CEOs would have less wealthy Americans believe that the country’s ast and growing income gap is unavoidable. (Photo: Rob Hyrons/Shutterstock)
Corporate boards are asking us to blame sky-high CEO pay on the laws of supply and demand.
By Sam Pizzigati / 08.19.2018
Back in 1999, near the dizzying height of the dot.com boom, no executive in Corporate America personified the soaring pay packages of America’s CEOs more than Jack Welch, the chief exec at General Electric. Welch took home $75 million that year.
What explained the enormity of that compensation? Welch didn’t claim any genius on his part. He credited his success, instead, to the genius of the free market.
“Is my salary too high?” mused Welch. “Somebody else will have to decide that, but this is a competitive marketplace.”

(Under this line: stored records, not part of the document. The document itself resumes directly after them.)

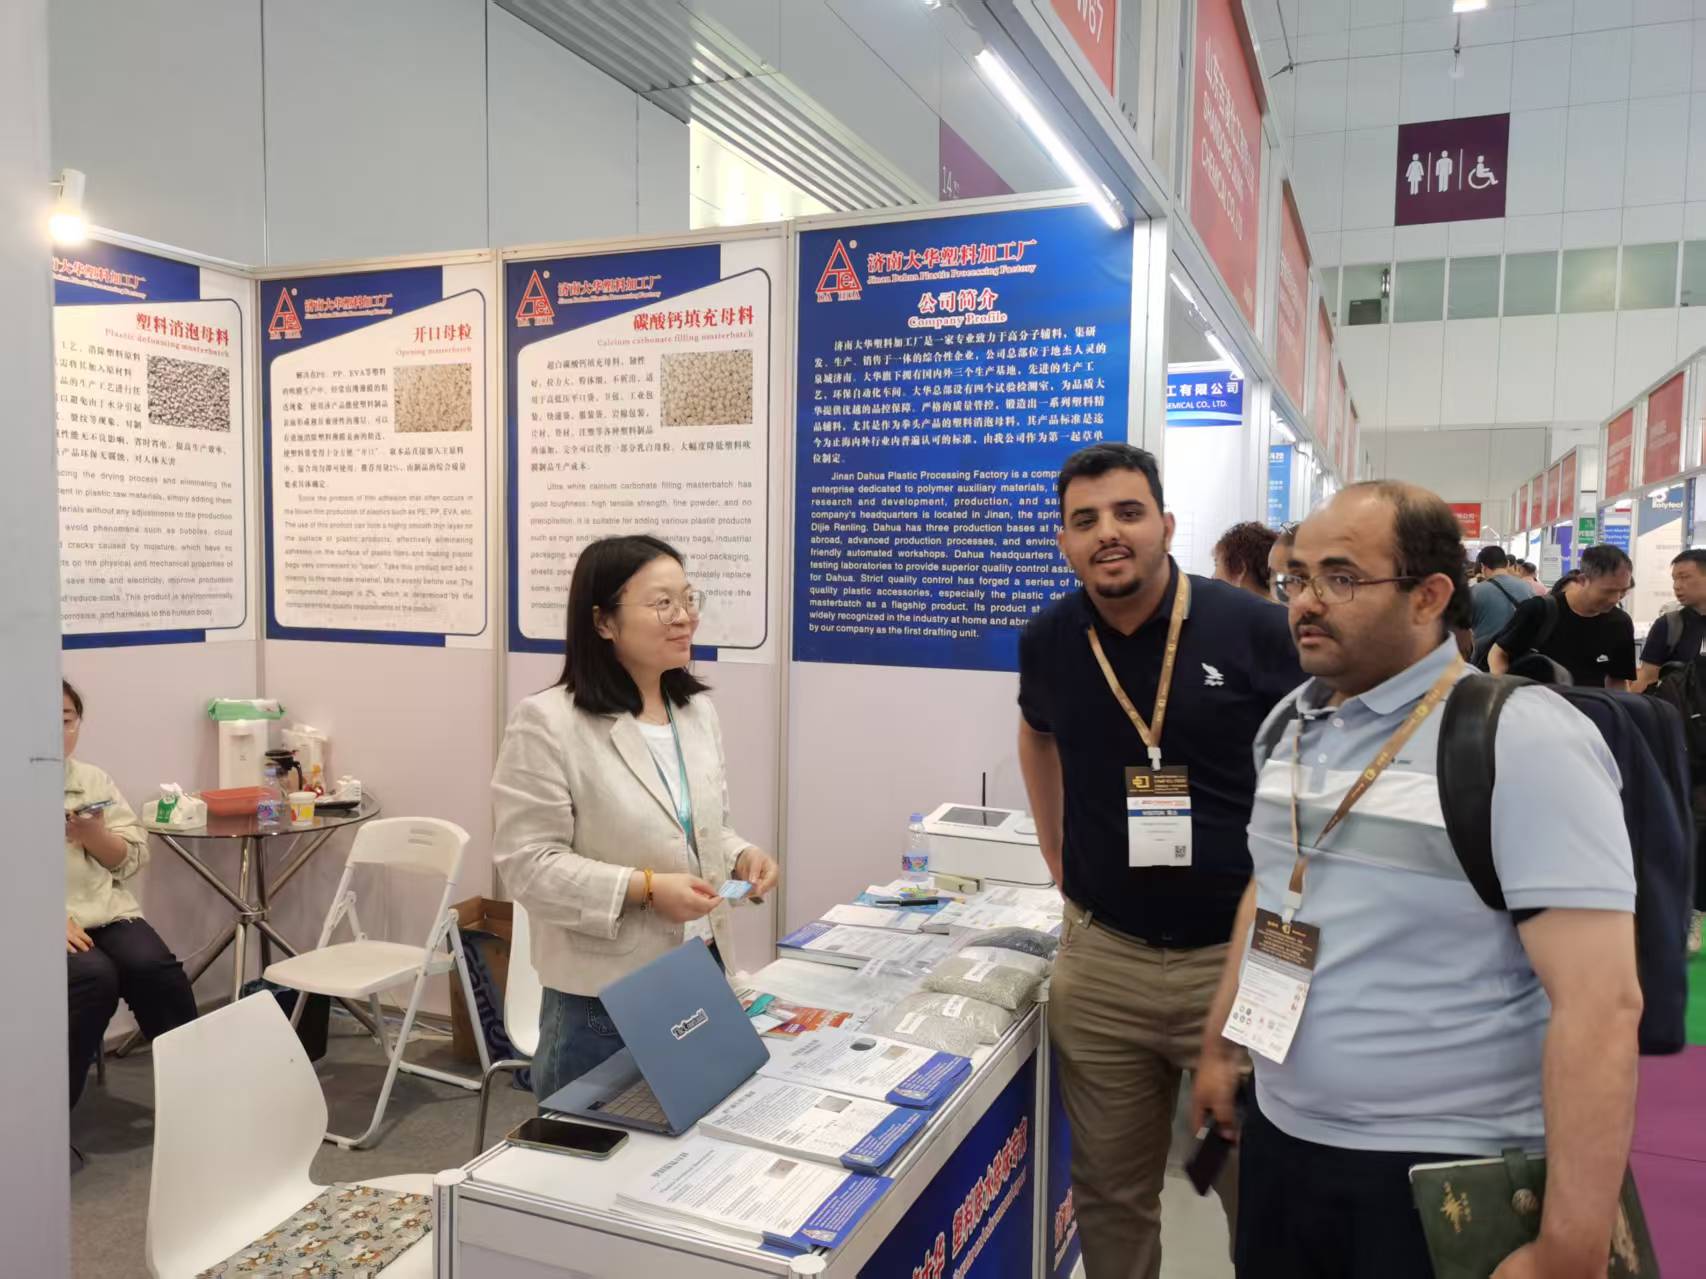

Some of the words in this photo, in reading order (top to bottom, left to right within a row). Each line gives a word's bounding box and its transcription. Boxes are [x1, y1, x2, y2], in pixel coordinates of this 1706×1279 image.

[867, 239, 1038, 273] 济南大华塑料加工厂
[918, 288, 998, 313] 公司简介
[633, 305, 754, 331] 碳酸钙填充母料
[909, 314, 964, 329] Company
[965, 311, 1007, 325] Profile
[136, 312, 229, 346] 塑料消泡母料
[414, 323, 472, 343] 开口母粒
[1167, 382, 1238, 396] 工有限公司
[831, 472, 855, 480] Jinan
[857, 471, 885, 480] Dahua
[887, 471, 918, 480] Plastic
[920, 470, 971, 481] Processing
[973, 469, 1009, 481] Factory
[1011, 470, 1019, 478] is
[812, 485, 854, 495] enterprise
[858, 484, 901, 493] dedicated
[904, 485, 914, 493] to
[917, 483, 954, 495] polymer
[957, 483, 996, 494] auxiliary
[812, 498, 852, 506] research
[858, 497, 876, 506] and
[1019, 496, 1038, 505] and
[811, 510, 856, 520] company's
[860, 510, 918, 520] headquarters
[922, 510, 930, 519] is
[934, 510, 968, 519] located
[972, 510, 980, 519] in
[1018, 510, 1033, 519] the
[873, 523, 902, 532] Dahua
[905, 523, 922, 532] has
[926, 523, 949, 532] three
[953, 523, 1002, 534] production
[1006, 523, 1035, 532] bases
[1040, 524, 1049, 532] at
[848, 536, 890, 544] advanced
[894, 536, 942, 546] production
[1002, 537, 1021, 546] and
[810, 548, 842, 558] friendly
[846, 549, 893, 557] automated
[954, 549, 984, 559] Dahua
[990, 550, 1053, 561] headquarters
[810, 560, 839, 571] testing
[841, 561, 892, 570] laboratories
[894, 562, 903, 570] to
[905, 561, 939, 573] provide
[941, 563, 980, 573] superior
[982, 563, 1013, 574] quality
[1015, 564, 1049, 573] control
[810, 573, 822, 582] for
[860, 574, 883, 583] Strict
[888, 574, 917, 585] quality
[922, 575, 953, 584] control
[958, 576, 974, 585] has
[979, 576, 1010, 588] forged
[1014, 578, 1020, 586] a
[1025, 577, 1055, 587] series
[1059, 578, 1070, 587] of
[809, 585, 838, 596] quality
[843, 586, 871, 596] plastic
[938, 588, 985, 600] especially
[991, 589, 1006, 599] the
[1012, 590, 1044, 601] plastic
[809, 598, 862, 608] masterbatch
[891, 600, 927, 612] flagship
[974, 602, 985, 611] Its
[990, 603, 1026, 614] product
[809, 610, 836, 621] widely
[837, 611, 885, 623] recognized
[886, 613, 895, 621] in
[896, 613, 911, 622] the
[913, 614, 949, 625] industry
[951, 616, 960, 624] at
[962, 615, 987, 625] home
[989, 616, 1007, 625] and
[809, 623, 819, 633] by
[820, 624, 835, 632] our
[836, 625, 874, 635] company
[876, 626, 887, 634] as
[888, 625, 902, 634] the
[904, 626, 921, 635] first
[923, 626, 957, 639] drafting

Translation: “I deserve every penny. The market says so.”
Top U.S. corporate execs today, on average, are doing even better than top execs in Welch’s heyday. In 1999, notes a just-released new report from the Economic Policy Institute, CEOs at the nation’s 350 biggest corporations pocketed 248 times the pay of average workers in their industries. Top execs last year averaged 312 times more.
What explains this growing generosity to America’s top corporate chiefs? Today’s apologists for over-the-top CEO compensation, like Jack Welch a generation ago, point to the market.
One leading critic of these apologists, the Dutch management scientist Manfred Kets de Vries, neatly summed up this market world view earlier this year: Big CEO pay packages “reflect market demands for a CEO’s unique skills and contribution to the bottom line.” Mega-million executive paychecks “merely represent the market forces of supply and demand.”